## What you are asked to do
Output every record exactly, apart from its images.

## The data
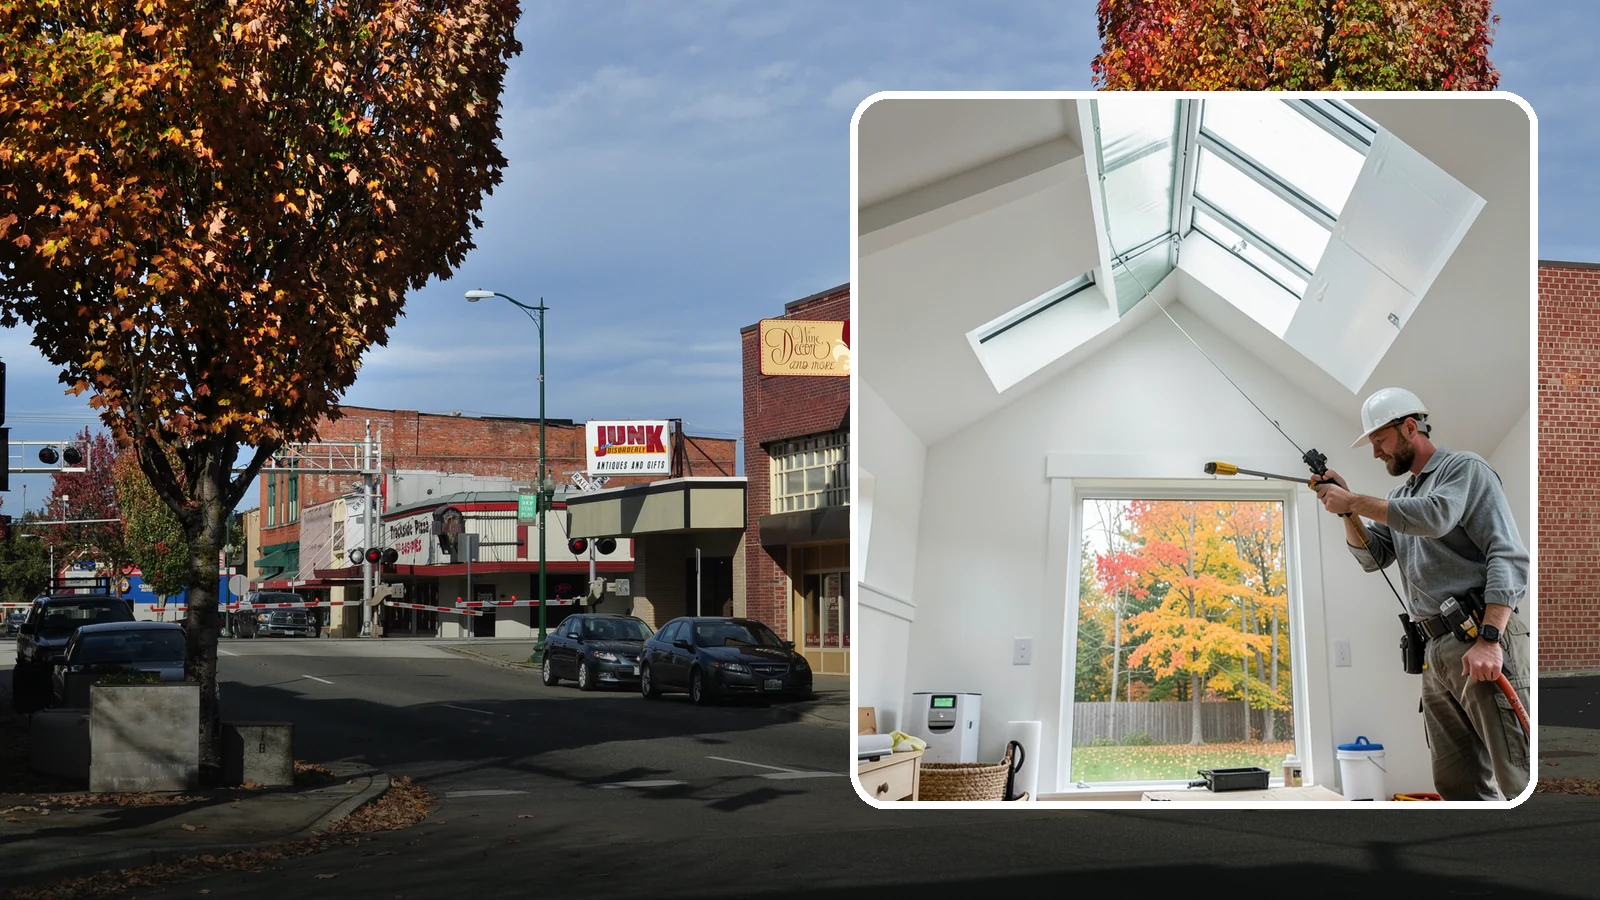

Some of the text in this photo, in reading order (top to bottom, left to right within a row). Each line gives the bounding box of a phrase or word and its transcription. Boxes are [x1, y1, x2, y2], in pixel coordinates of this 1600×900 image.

[595, 425, 665, 457] JUNK
[607, 446, 646, 454] DISORDERLY
[597, 460, 665, 470] ANTIQUES AND GIFTS
[390, 519, 429, 540] Trackside Pizza

## Task output
Some of the text in this photo, in reading order (top to bottom, left to right within a row). Each line gives the bounding box of a phrase or word and its transcription. Boxes are [x1, y1, x2, y2], in pixel coordinates of this 1600×900 image.

[595, 425, 665, 457] JUNK
[607, 446, 646, 454] DISORDERLY
[597, 460, 665, 470] ANTIQUES AND GIFTS
[390, 519, 429, 540] Trackside Pizza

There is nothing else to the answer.